Más de una vez se ha advertido en el cine hollywoodense de los riesgos que supone este tipo de turismo. El rol tomado por los Estados Unidos como imperio postcolonial de convertirse en policía de la salvaguarda mundial lo ha convertido en una presencia tan incómoda como llena de riesgo en el resto de las naciones. Esto no deja de dar abundante material para un continuo de producciones sobre el extraño en tierra extraña, haya sido su rol la explotación, la guerra, el periodismo, la inteligencia, o la simple ayuda al prójimo. Se trata de un modelo que se repite como un arquetipo paradójico de una nación que lucha entre la realidad de sus intereses y el glaseado hipócrita de sus valores. Sus renegados se convierten en nuevos héroes, sea el Bourne desmemoriado encarnado por Matt Damon en los thrillers de Greengrass y Doug Liman (2002, 2004 y 2007) o el soldado en silla de ruedas convertido por James Cameron en un avatar azul de sí mismo para la conquista de otro planeta.

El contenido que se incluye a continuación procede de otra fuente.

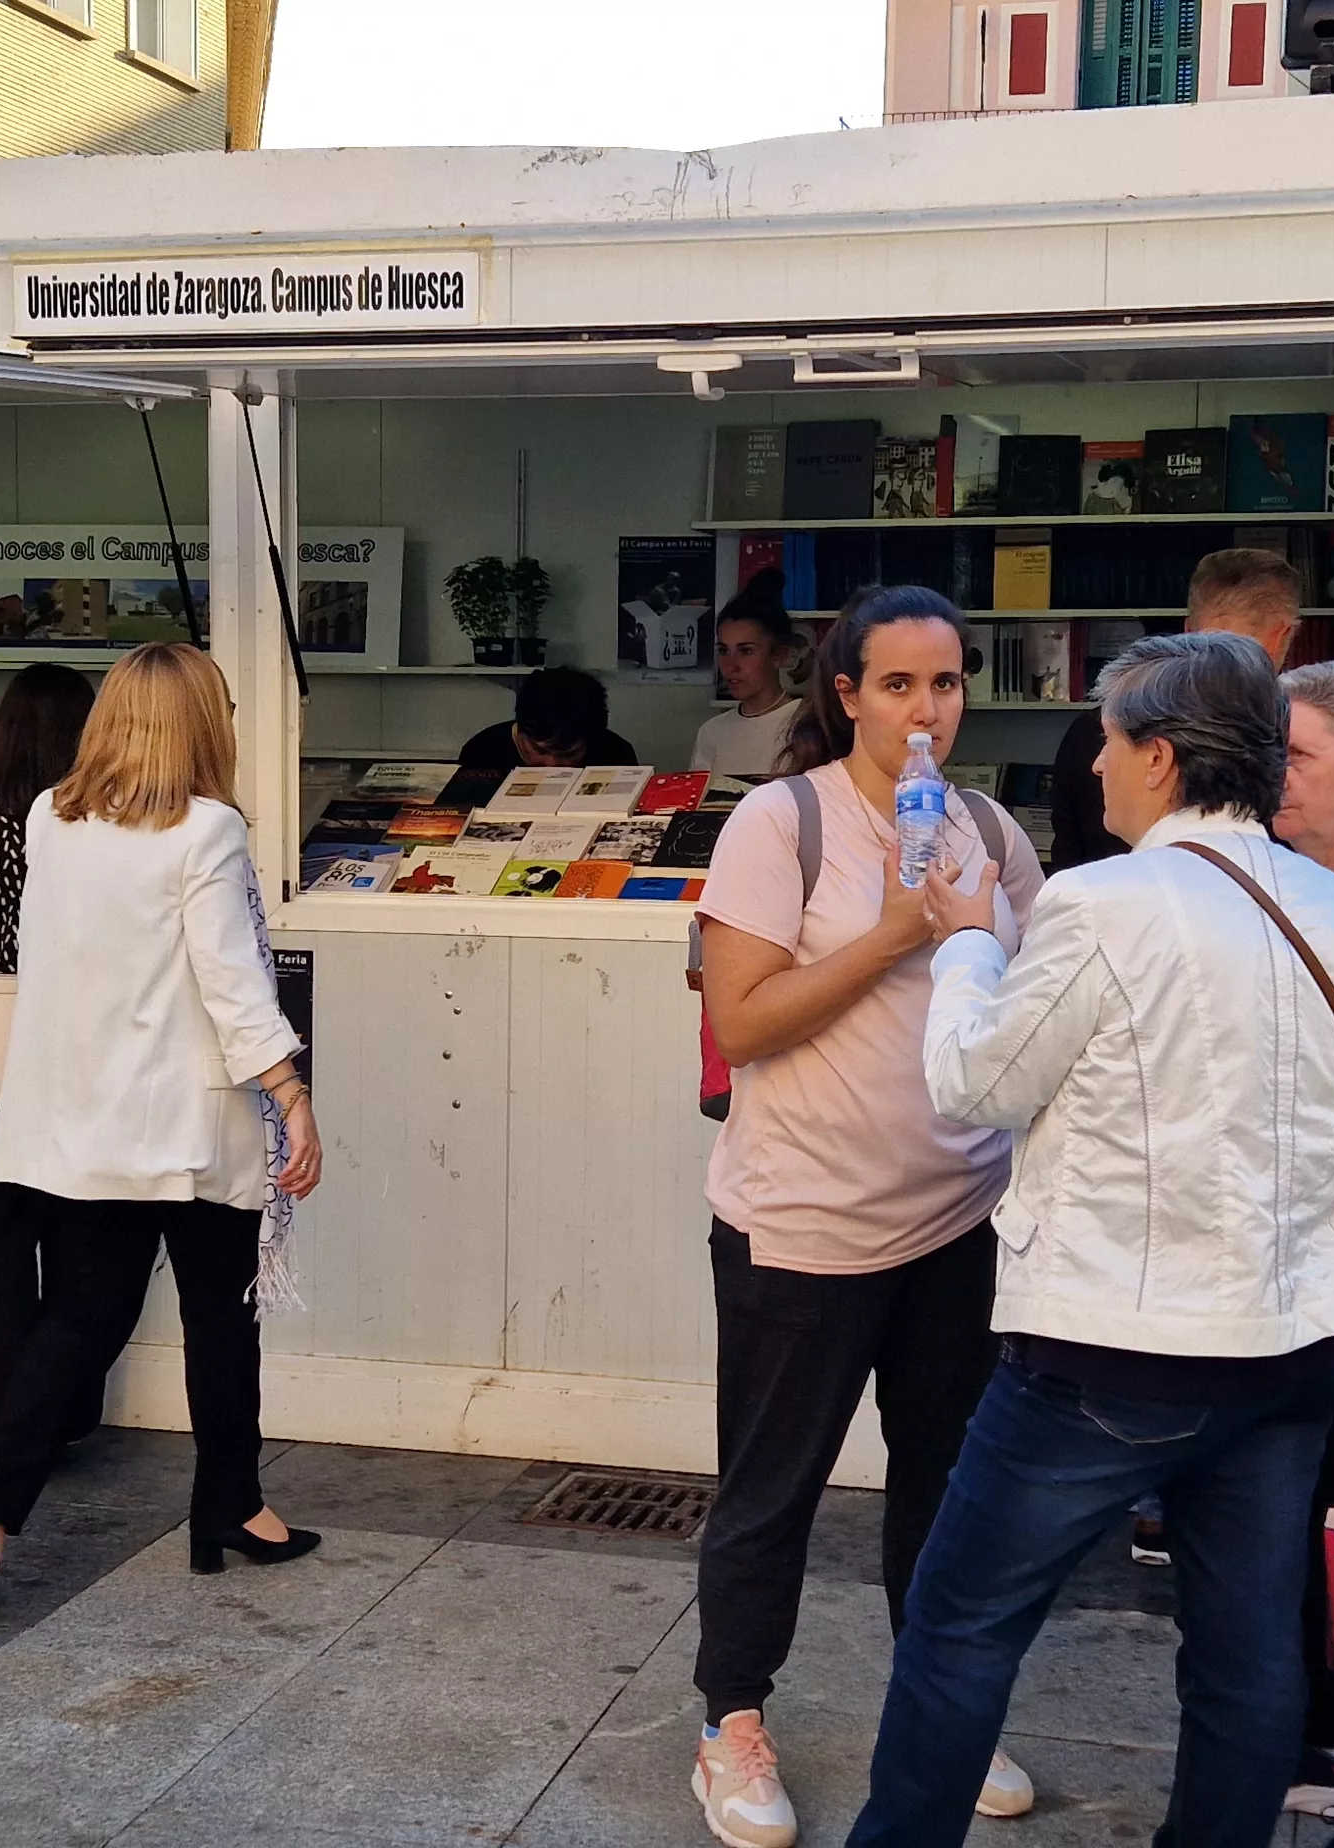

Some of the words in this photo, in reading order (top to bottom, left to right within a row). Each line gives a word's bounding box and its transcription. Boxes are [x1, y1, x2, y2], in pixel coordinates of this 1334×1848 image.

[27, 272, 140, 319] Universidad
[146, 272, 169, 317] de
[175, 271, 267, 319] Zaragoza.
[271, 267, 352, 317] Campus
[358, 266, 382, 312] de
[388, 265, 463, 310] Huesca
[1167, 453, 1202, 467] Elisa
[70, 536, 95, 560] el
[101, 537, 210, 566] Campus
[298, 540, 376, 563] esca?
[335, 861, 367, 873] LOS
[278, 953, 308, 965] Feria
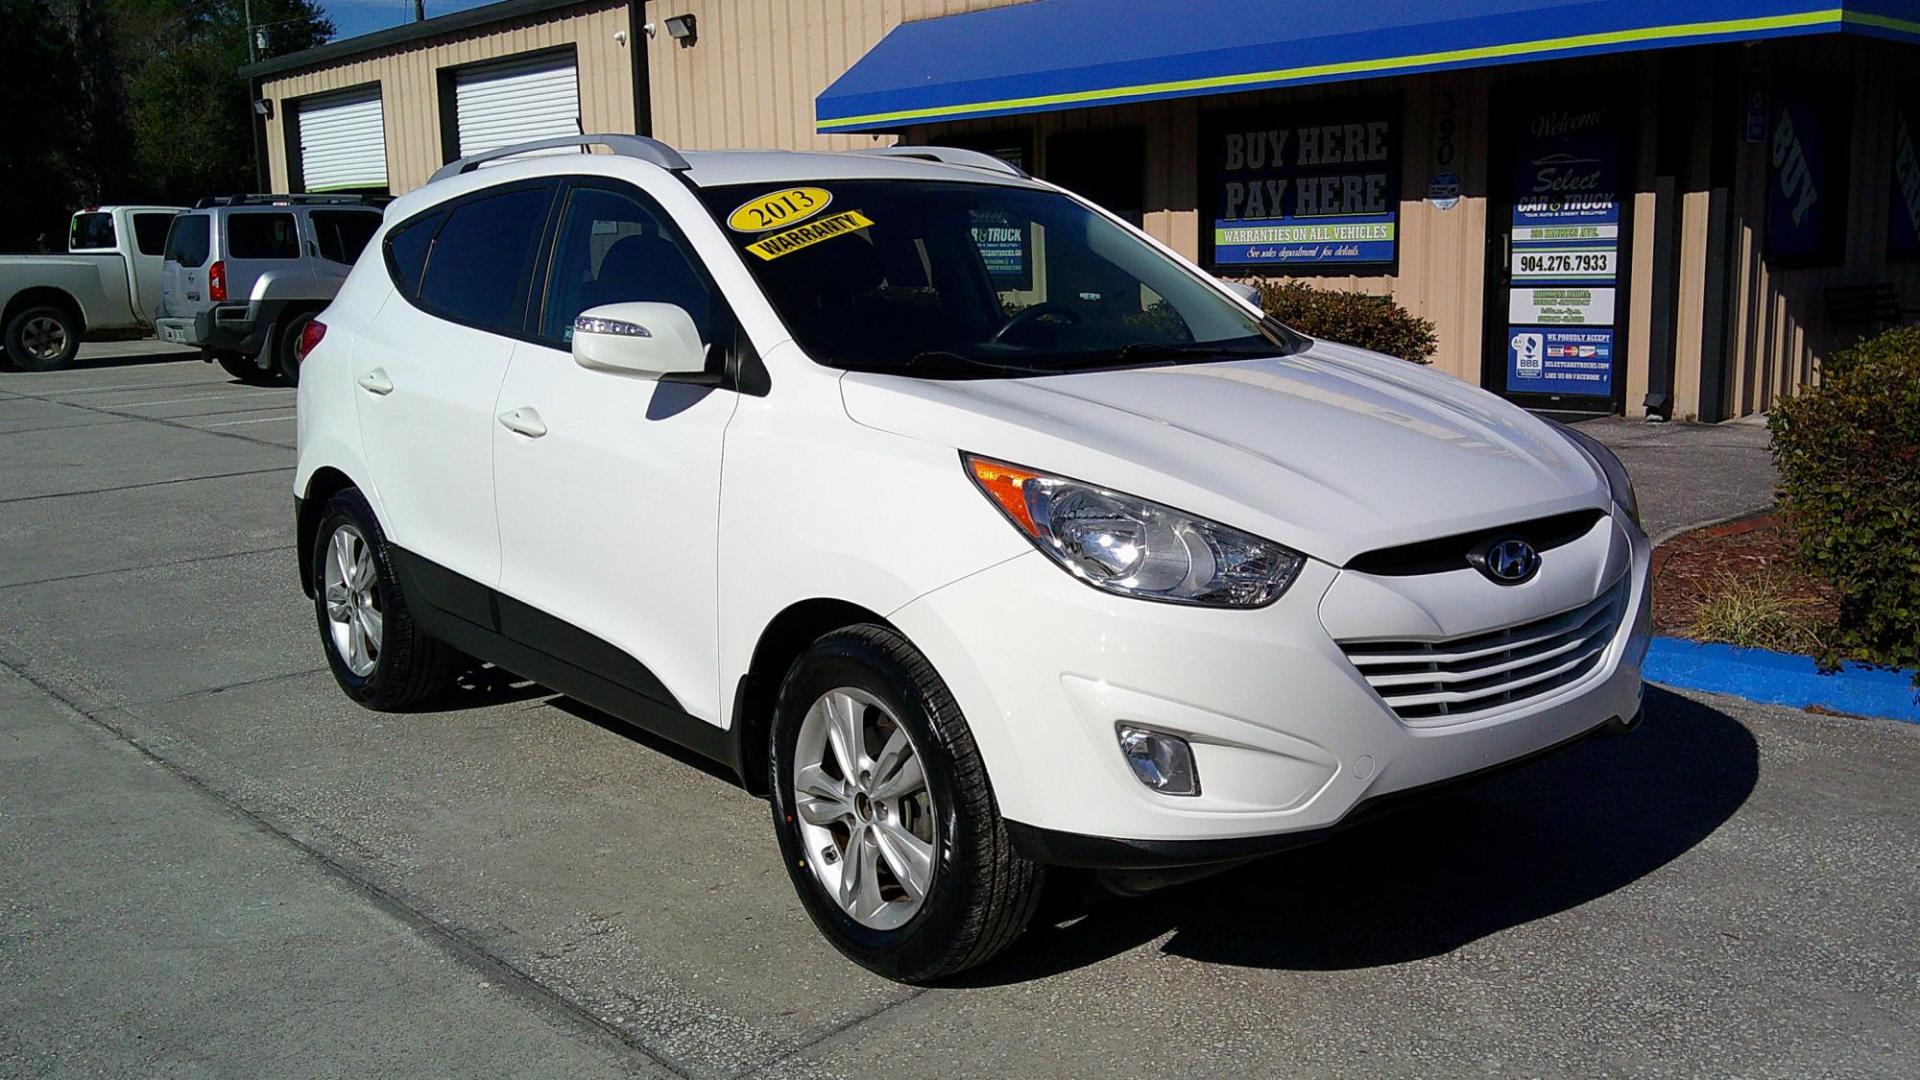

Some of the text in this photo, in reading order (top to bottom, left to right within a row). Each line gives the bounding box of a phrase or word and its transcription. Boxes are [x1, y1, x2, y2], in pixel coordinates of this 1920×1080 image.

[1225, 122, 1388, 170] BUY HERE
[1773, 107, 1817, 228] BUY
[1532, 168, 1601, 192] Select
[1225, 178, 1288, 219] PAY
[1295, 173, 1387, 215] HERE
[1517, 195, 1547, 212] CAR
[1563, 192, 1615, 211] TRUCK
[749, 190, 814, 227] 2013
[757, 213, 858, 256] WARRANTY
[988, 228, 1022, 242] TRUCK
[1224, 225, 1387, 243] WARRANTIES ON ALL VEHICLES
[1246, 246, 1261, 258] See
[1261, 246, 1277, 258] sales
[1278, 246, 1318, 262] department
[1319, 245, 1333, 260] for
[1520, 254, 1607, 272] 904.276.7933
[1520, 359, 1539, 367] BBB
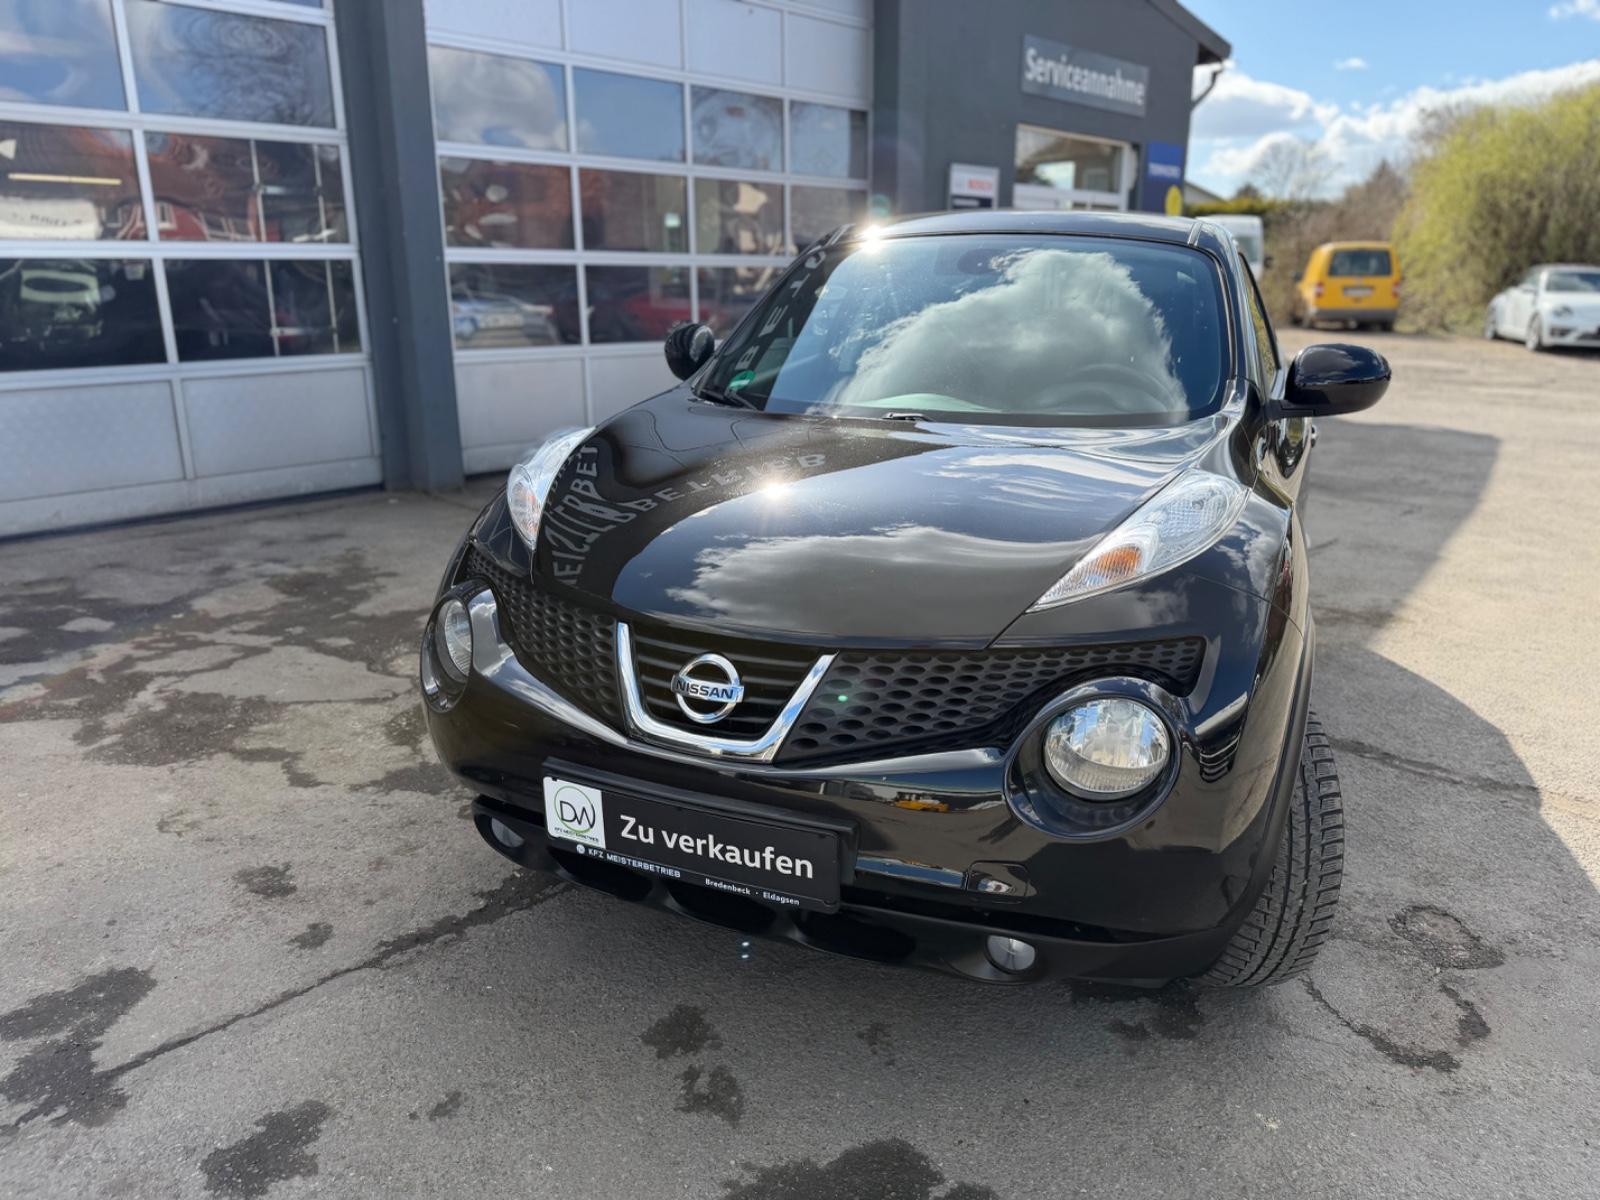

El género que mejor encarna esta política de invasión y conquista de nuevos territorios dentro del imaginario cinematográfico es el western, donde —más allá del melodrama de héroes, villanos y damiselas— se puede elegir siempre entre dos caminos: irle o no a los indios. Los indios siempre pierden, pero la paradoja moral que subyace a la guerra entablada contra ellos por la caballería americana se trata de una lucha legítima que se verá tergiversada en la imitación de las prácticas sanguinarias perpetuadas por los colonizadores. No se trata tanto del sentimiento de culpa —tan propenso para la mayoría estadounidense— como su vocación de sumarse en chusmas para la matanza.

El mundo fronterizo

Más allá de la experiencia americana del recorrido por tierra (y por avión) que se convirtió en pasto para melodramas, comedias y parodias, el espíritu que define la estructura del road movie puede adecuarse sin mayor complicación a las necesidades formales y temáticas de un cine que se define por el camino que recorren sus protagonistas. Se trata, en gran medida, de un esquema que se llena, cuestiona y actualiza.

El realizador Aki Kaurismäki, cual hijo pródigo de Kafka, se ofrece a dar una versión de la migración hacia los Estados Unidos desde afuera, sin concesiones y dado a ese peculiar sentido del humor que se deja sentir más cerca de Buster Keaton que del alma vernácula finlandesa (los finlandeses en el extranjero siempre insisten que Finlandia no es como en las películas de Kaurismäki), con su Los Vaqueros de Leningrado van a América, (1989) filme sobre una banda de acordeonistas a mitad de camino entre verdad y ficción, lanzada a la aventura americana en el entendido de que es la tierra de las oportunidades y que, por lo mismo, les puede ir mejor.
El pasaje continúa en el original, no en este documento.